On 3 August, 1922, the defendants executed and delivered to the plaintiff eight notes, each in the sum of $1,000, and to secure their payment the defendants D. S. Rogers and Roxilla Rogers, his wife, executed a deed of trust to W. R. Badgett, trustee, on two tracts of land. On 9 December, 1925, the defendants, George M. Rogers and his wife, executed to W. R. Badgett, trustee, a deed of trust, without notes, conveying two other tracts, the recited consideration being the plaintiff’s agreement to extend the time for the payment of the notes secured by the first deed of trust. The plaintiff is a party to this instrument.
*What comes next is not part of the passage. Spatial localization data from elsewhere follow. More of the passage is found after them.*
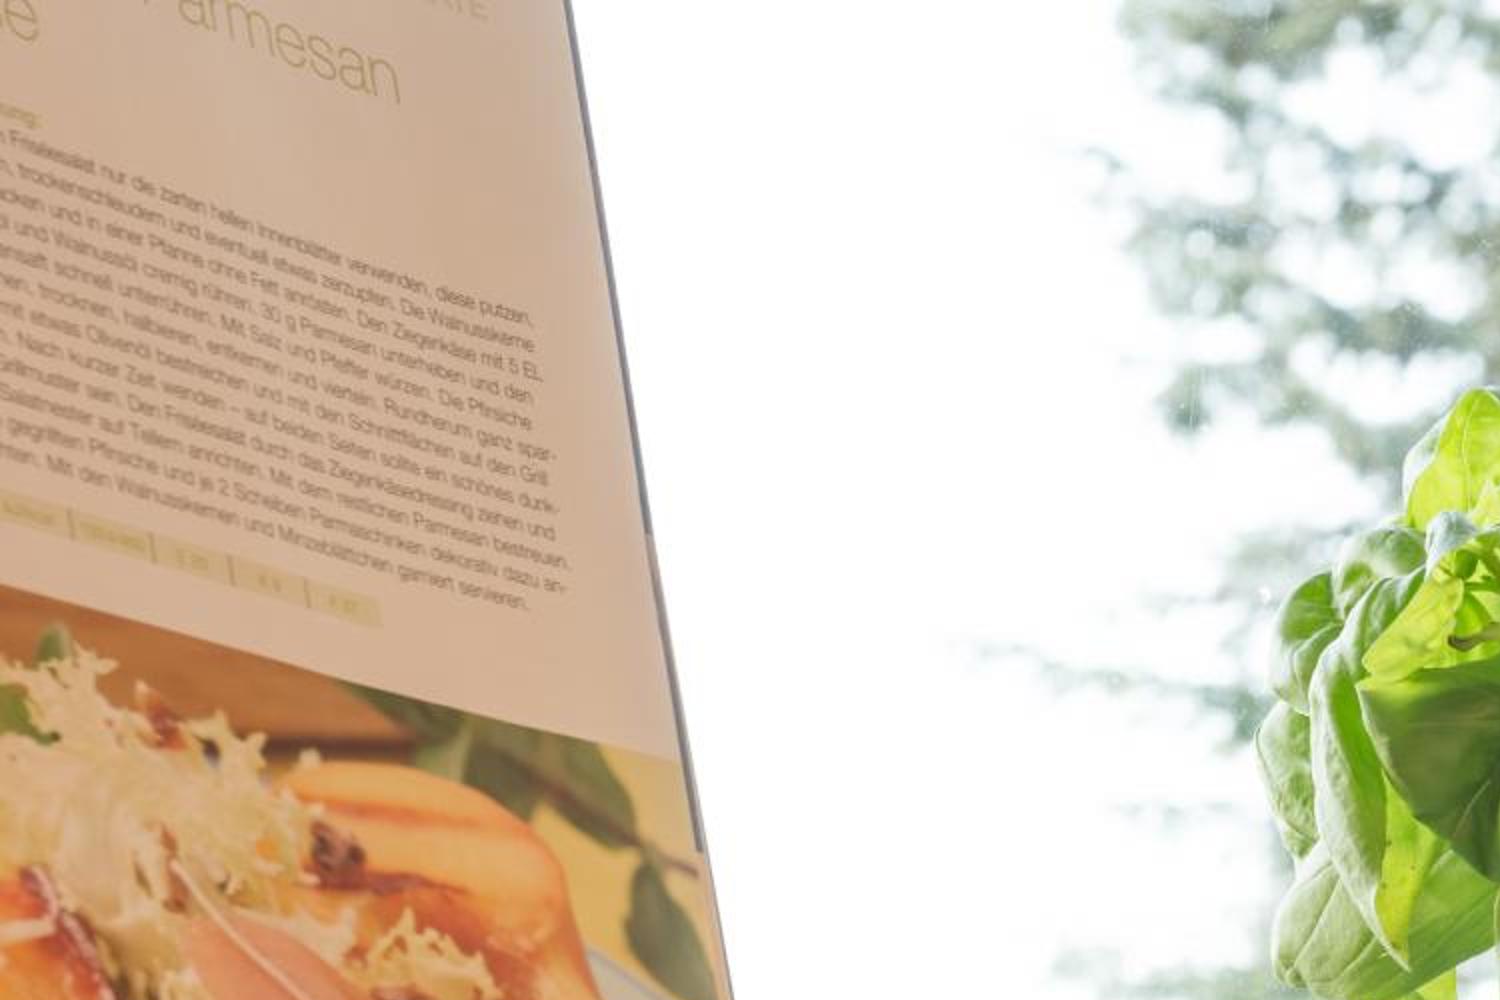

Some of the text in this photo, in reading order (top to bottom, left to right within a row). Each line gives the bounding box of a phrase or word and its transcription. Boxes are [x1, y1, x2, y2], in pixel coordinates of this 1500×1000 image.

[143, 0, 400, 105] armesan
[12, 218, 48, 241] und
[470, 375, 500, 394] und
[502, 381, 534, 404] den
[46, 202, 82, 224] und
[208, 259, 247, 284] ohne
[356, 309, 386, 333] Den
[479, 352, 504, 369] mit
[167, 218, 202, 241] und
[398, 297, 426, 320] Die
[124, 363, 158, 389] Zeit
[243, 406, 270, 426] auf
[270, 411, 325, 443] beiden
[219, 312, 248, 337] Mit
[250, 323, 284, 350] Salz
[286, 341, 316, 361] und
[437, 386, 466, 409] Die
[252, 383, 284, 404] und
[312, 399, 344, 424] den
[458, 449, 484, 467] auf
[485, 453, 517, 477] den
[287, 368, 318, 389] und
[383, 396, 474, 438] Rundherum
[476, 428, 513, 449] ganz
[45, 453, 75, 477] Mit
[243, 518, 275, 538] und
[125, 392, 161, 419] Den
[247, 432, 294, 462] durch
[296, 448, 327, 473] das
[527, 523, 557, 542] und
[163, 465, 196, 486] und
[267, 465, 296, 489] Mit
[297, 475, 335, 501] dem
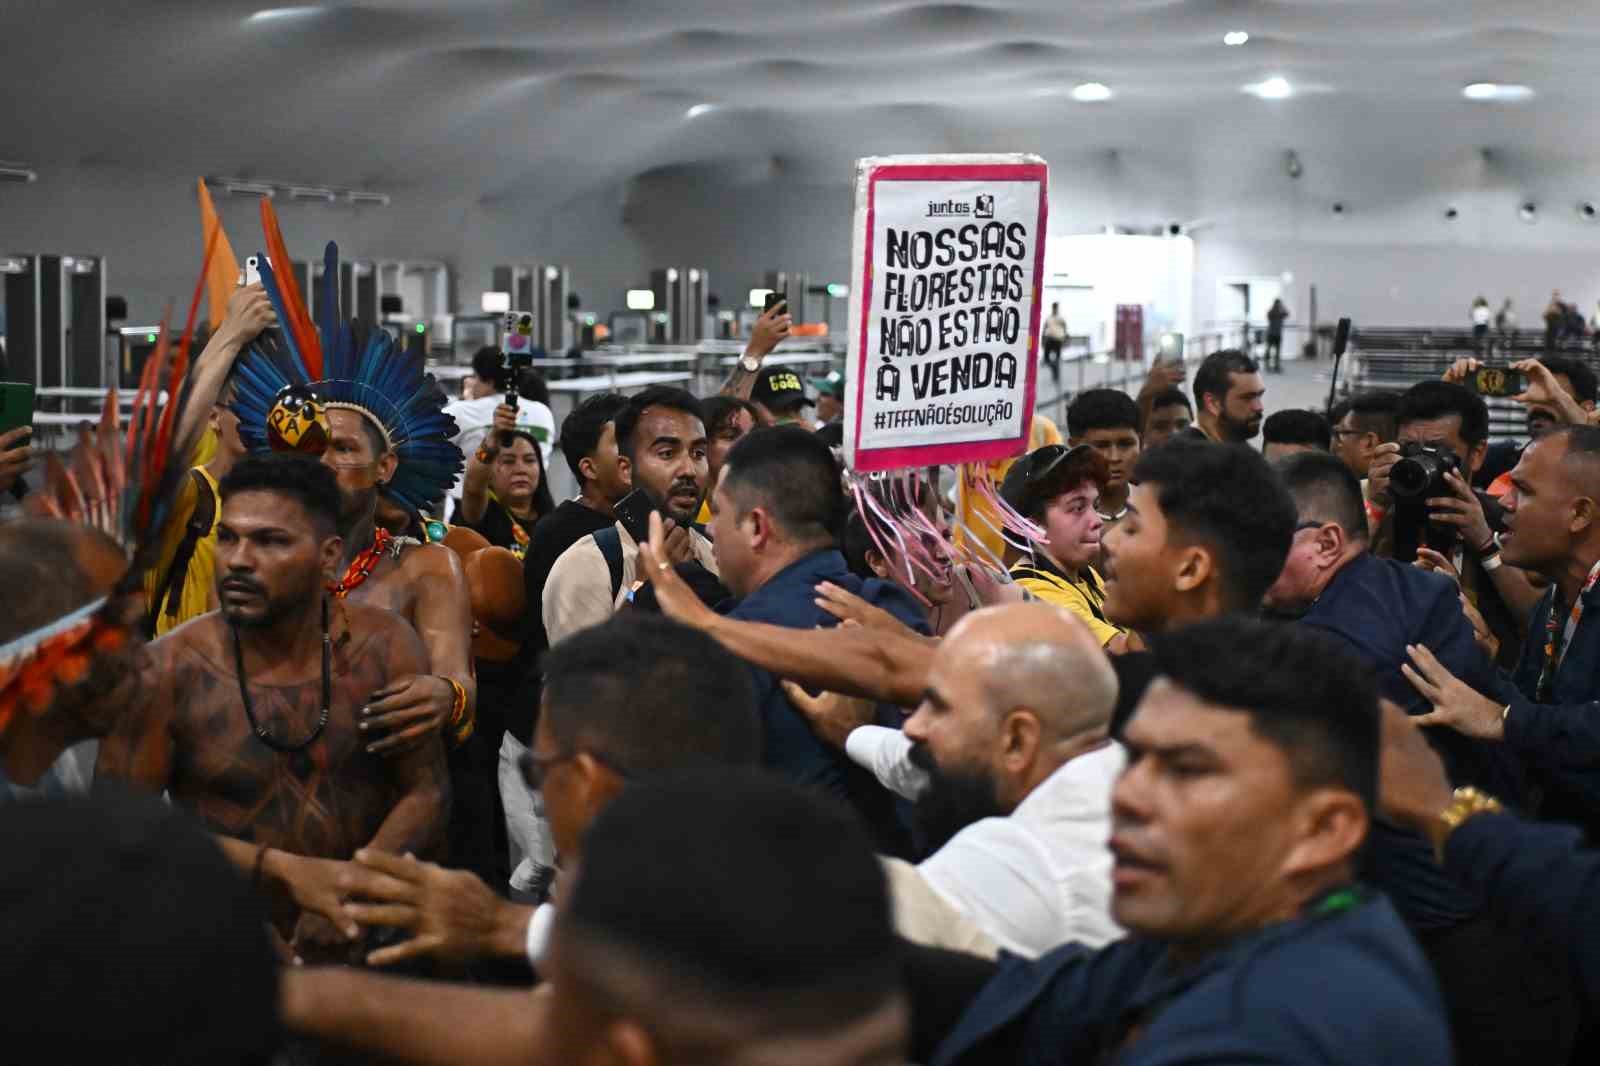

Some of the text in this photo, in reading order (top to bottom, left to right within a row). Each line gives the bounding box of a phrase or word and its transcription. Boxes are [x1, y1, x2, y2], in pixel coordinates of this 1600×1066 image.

[926, 200, 970, 217] juntos
[886, 221, 1027, 269] NOSSAS
[884, 263, 1024, 313] FLORESTAS
[880, 302, 1020, 357] NÃO ESTÃO
[876, 352, 1017, 401] À VENDA
[874, 400, 1013, 429] #TFFFNÃOÉSOLUÇÃO
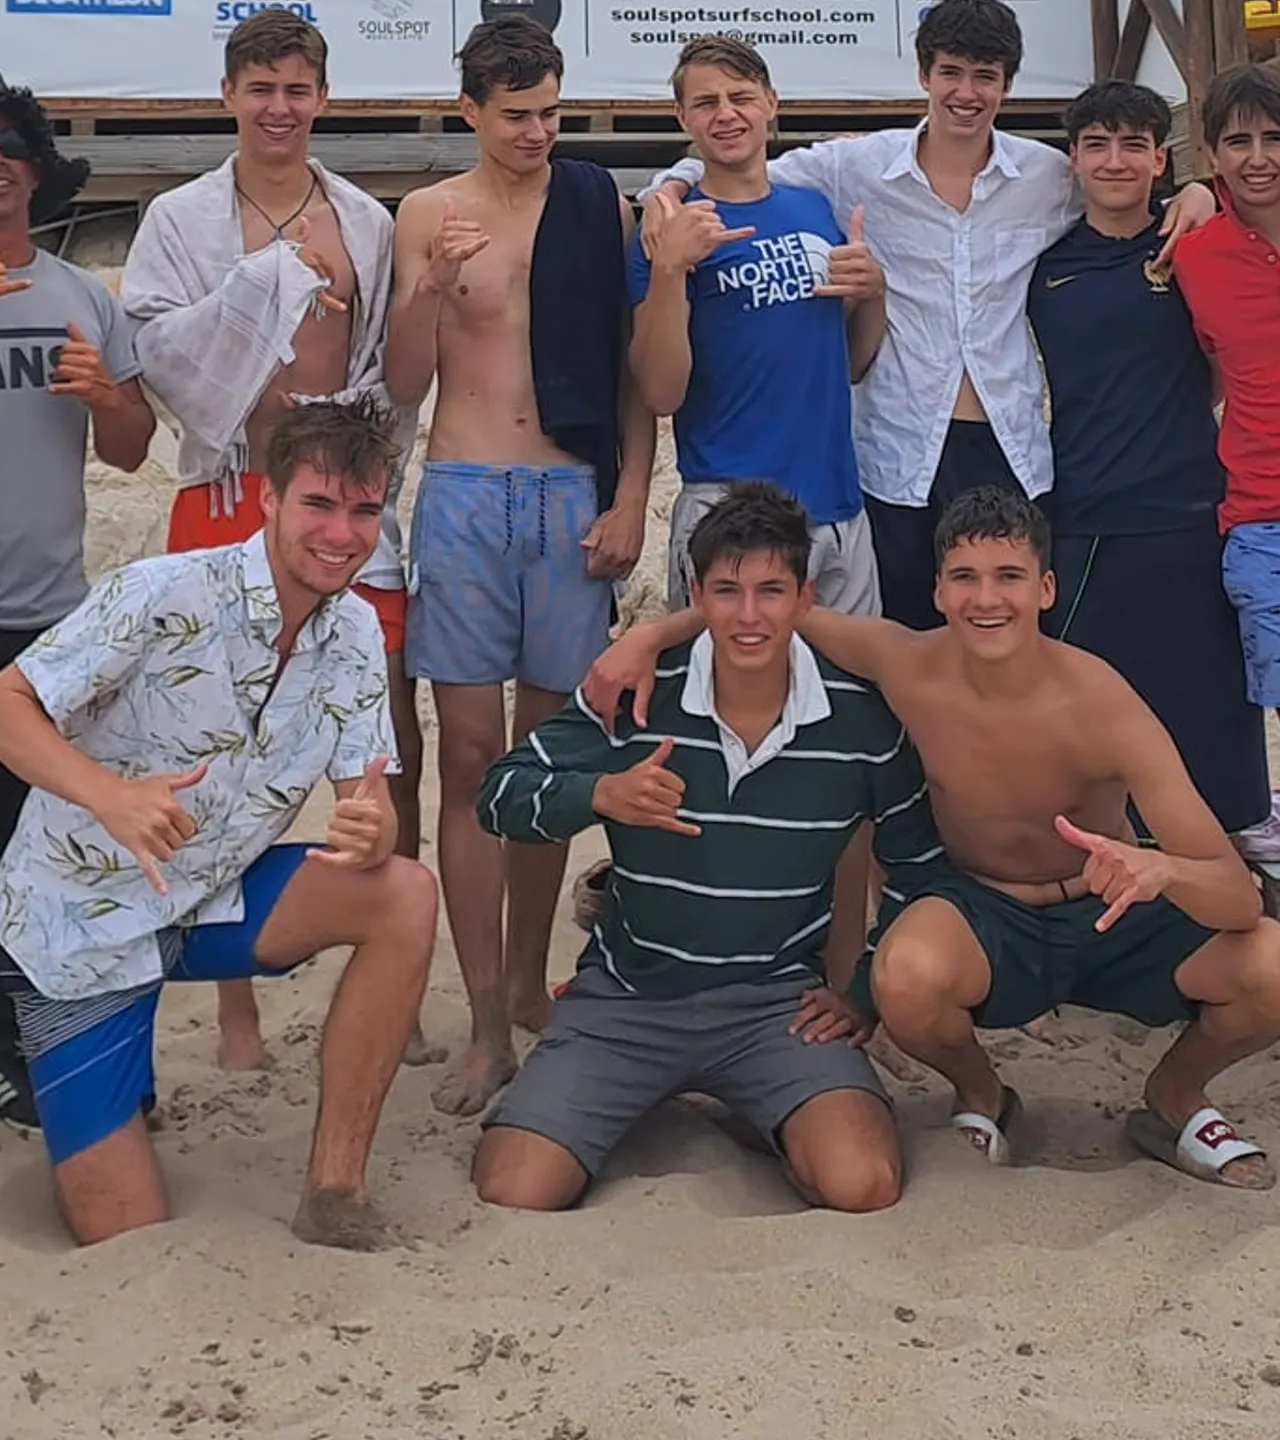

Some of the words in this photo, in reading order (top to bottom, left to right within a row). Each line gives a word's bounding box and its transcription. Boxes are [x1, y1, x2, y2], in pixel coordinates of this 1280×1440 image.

[357, 20, 431, 35] SOULSPOT
[610, 6, 876, 25] soulspotsurfschool.com
[752, 233, 803, 260] THE
[716, 252, 810, 293] NORTH
[752, 274, 814, 308] FACE
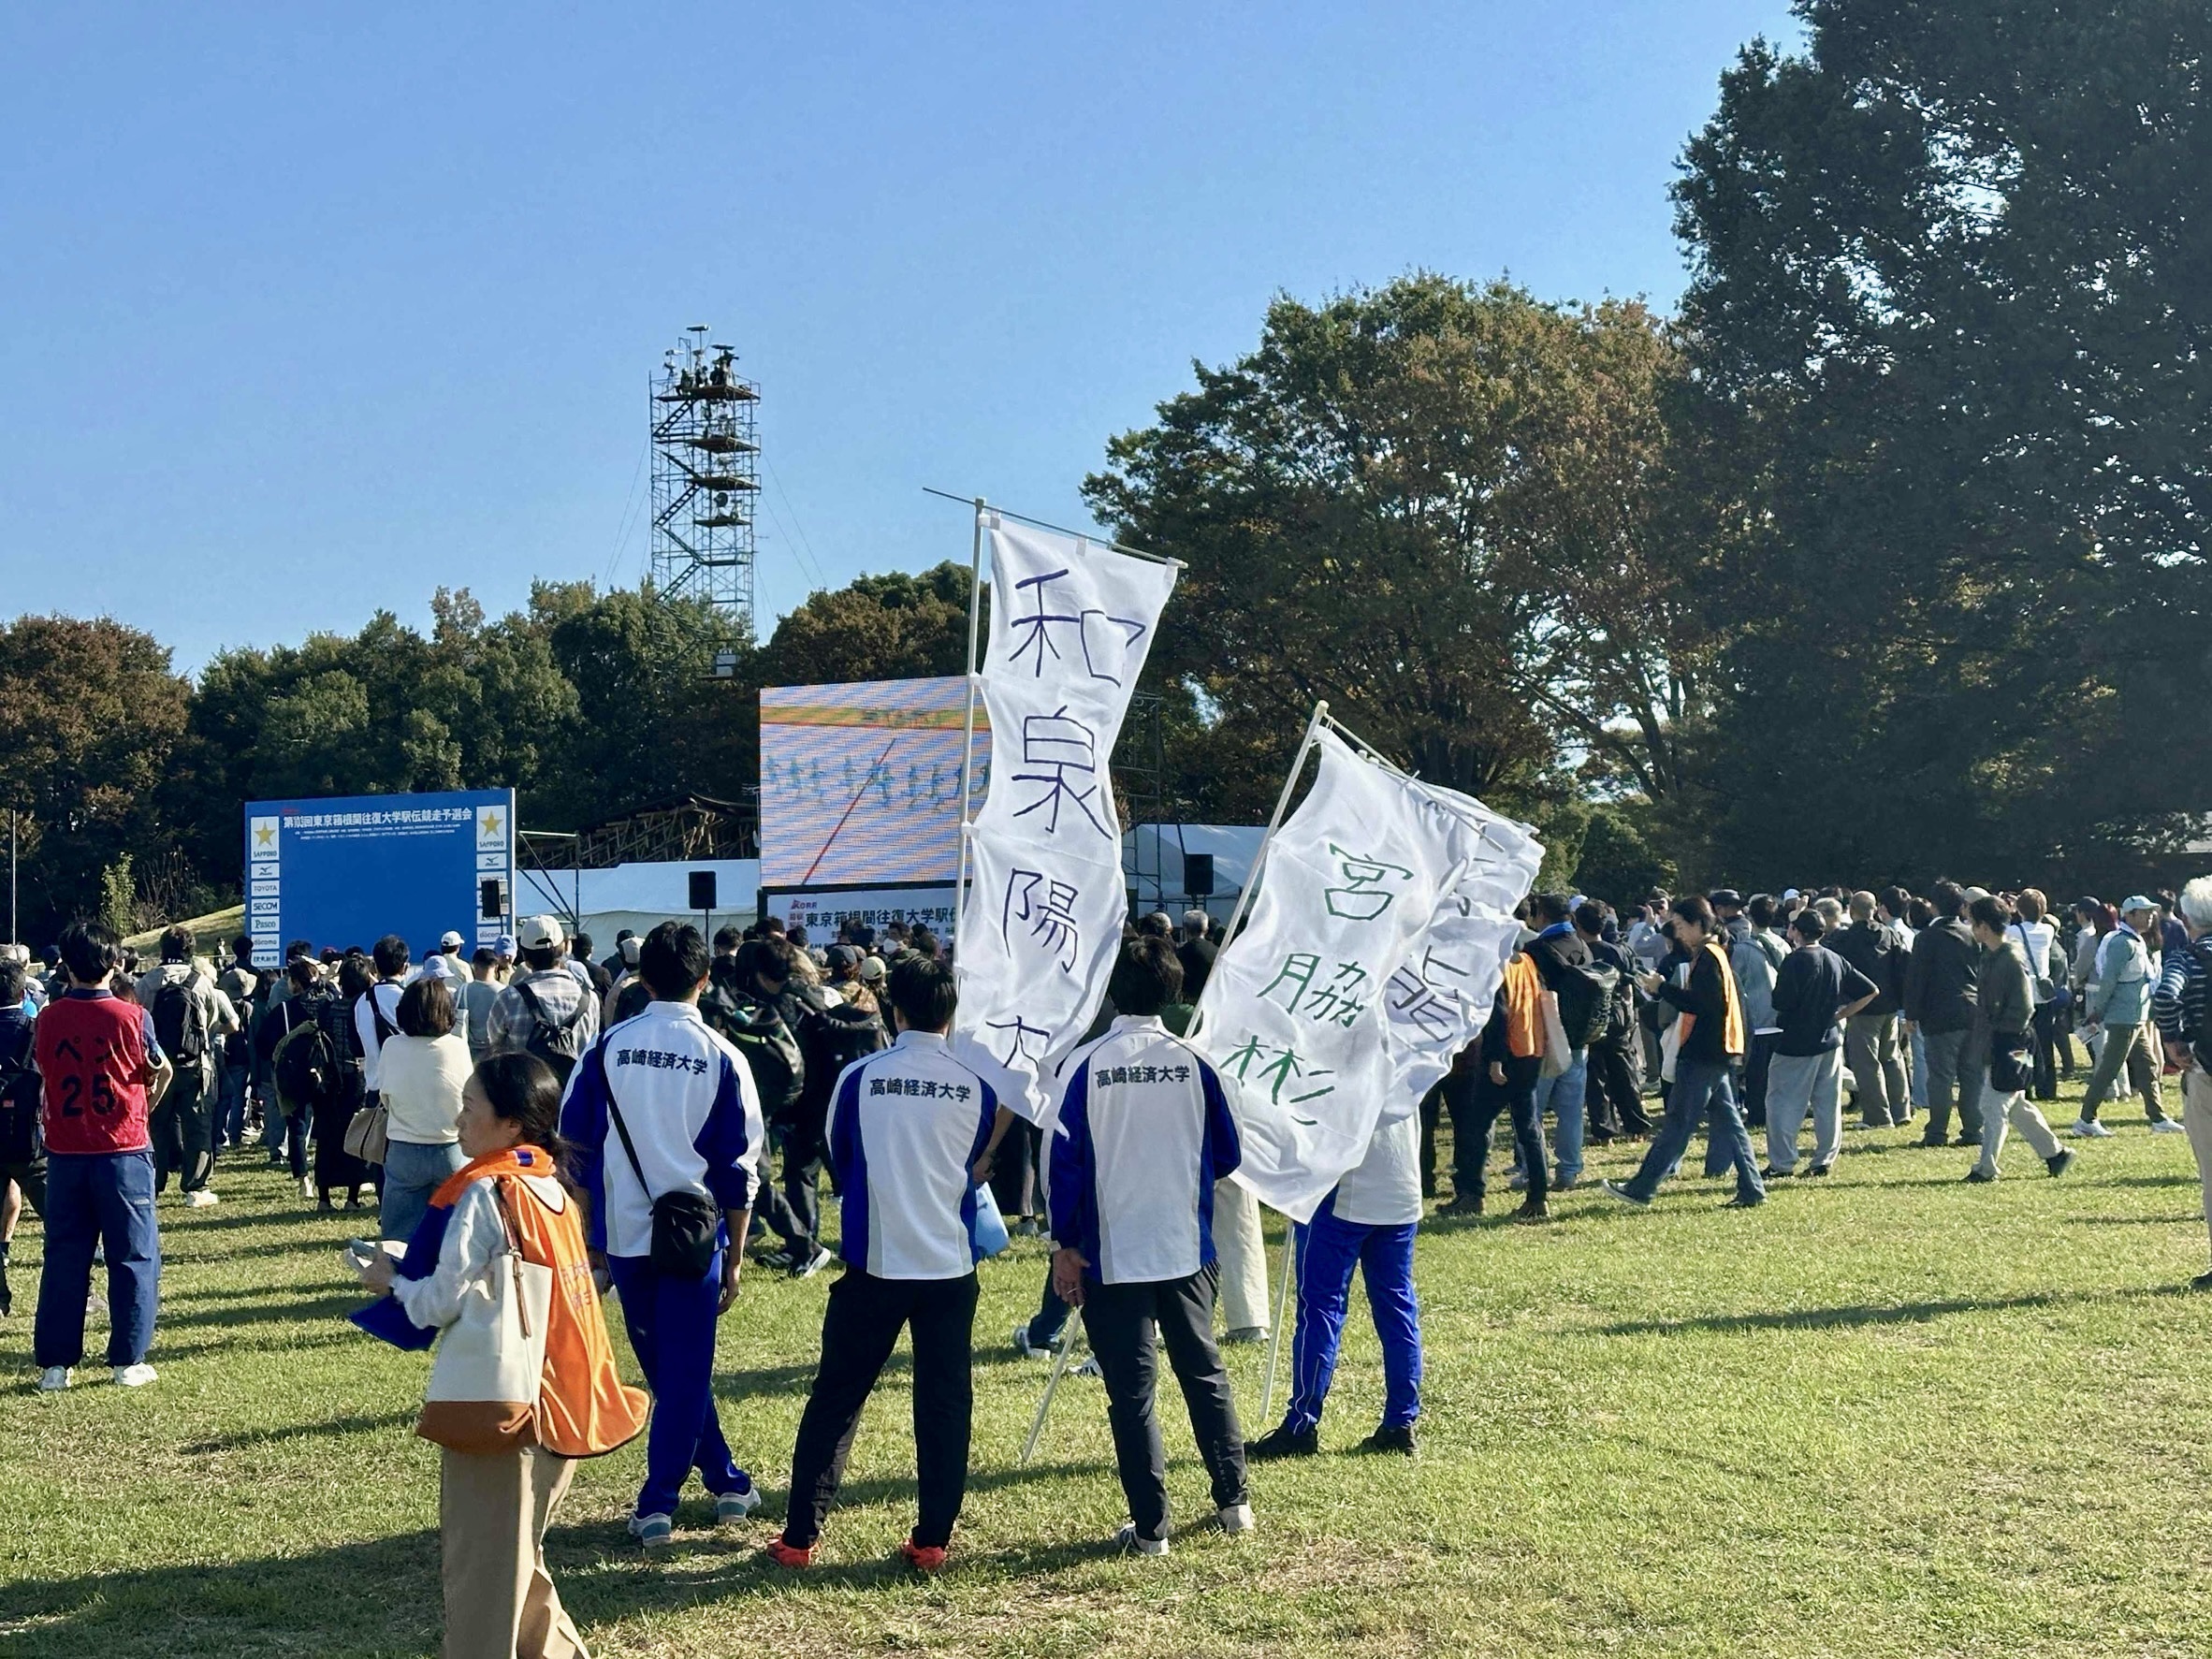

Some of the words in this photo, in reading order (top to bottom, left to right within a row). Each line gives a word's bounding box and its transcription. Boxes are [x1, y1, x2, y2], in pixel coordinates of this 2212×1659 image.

[254, 902, 278, 911] SECOM
[255, 920, 276, 929] Pasco
[617, 1048, 708, 1075] 高崎経済大学
[1095, 1065, 1190, 1088] 高崎経済大学
[61, 1073, 116, 1118] 25
[869, 1077, 971, 1102] 高崎経済大学
The appellant contends that by virtue of the latter deed of trust and the recitals therein he was released from liability on the notes he signed. The two questions are whether he was discharged either by novation or by an extension of the time of payment.
There can be no doubt of the general rule that a nonassenting surety in a negotiable instrument is discharged from liability when the creditor makes a valid contract with the principal debtor to postpone the day of payment and thereby puts it beyond the power of the surety to pay the debt and sue the principal. But, if at the time the extension is granted to the principal, the creditor expressly reserves his remedies against the surety, the latter will not be discharged — this on the theory that in such event the surety could pay the debt and sue the principal, although the creditor could not. Scott v. Harris, 76 N. C., 205, 208; Chemical Co. v. Pegram, 112 N. C., 614; C. S., 3102. In the second deed of trust the plaintiff reserved his rights against the sureties in these words: “It is understood that the party of the third part (the plaintiff) is taking this as additional security and that no rights under the original deed of trust or notes are hereby waived or in any way released.” Besides, when the appellant signed the notes he expressly contracted to remain bound for *212their payment notwithstanding any extension of time granted to the principal. This is a valid and enforceable agreement. Bank v. Couch, 118 N. C., 436; Fitts v. Grocery Co., 144 N. C., 463.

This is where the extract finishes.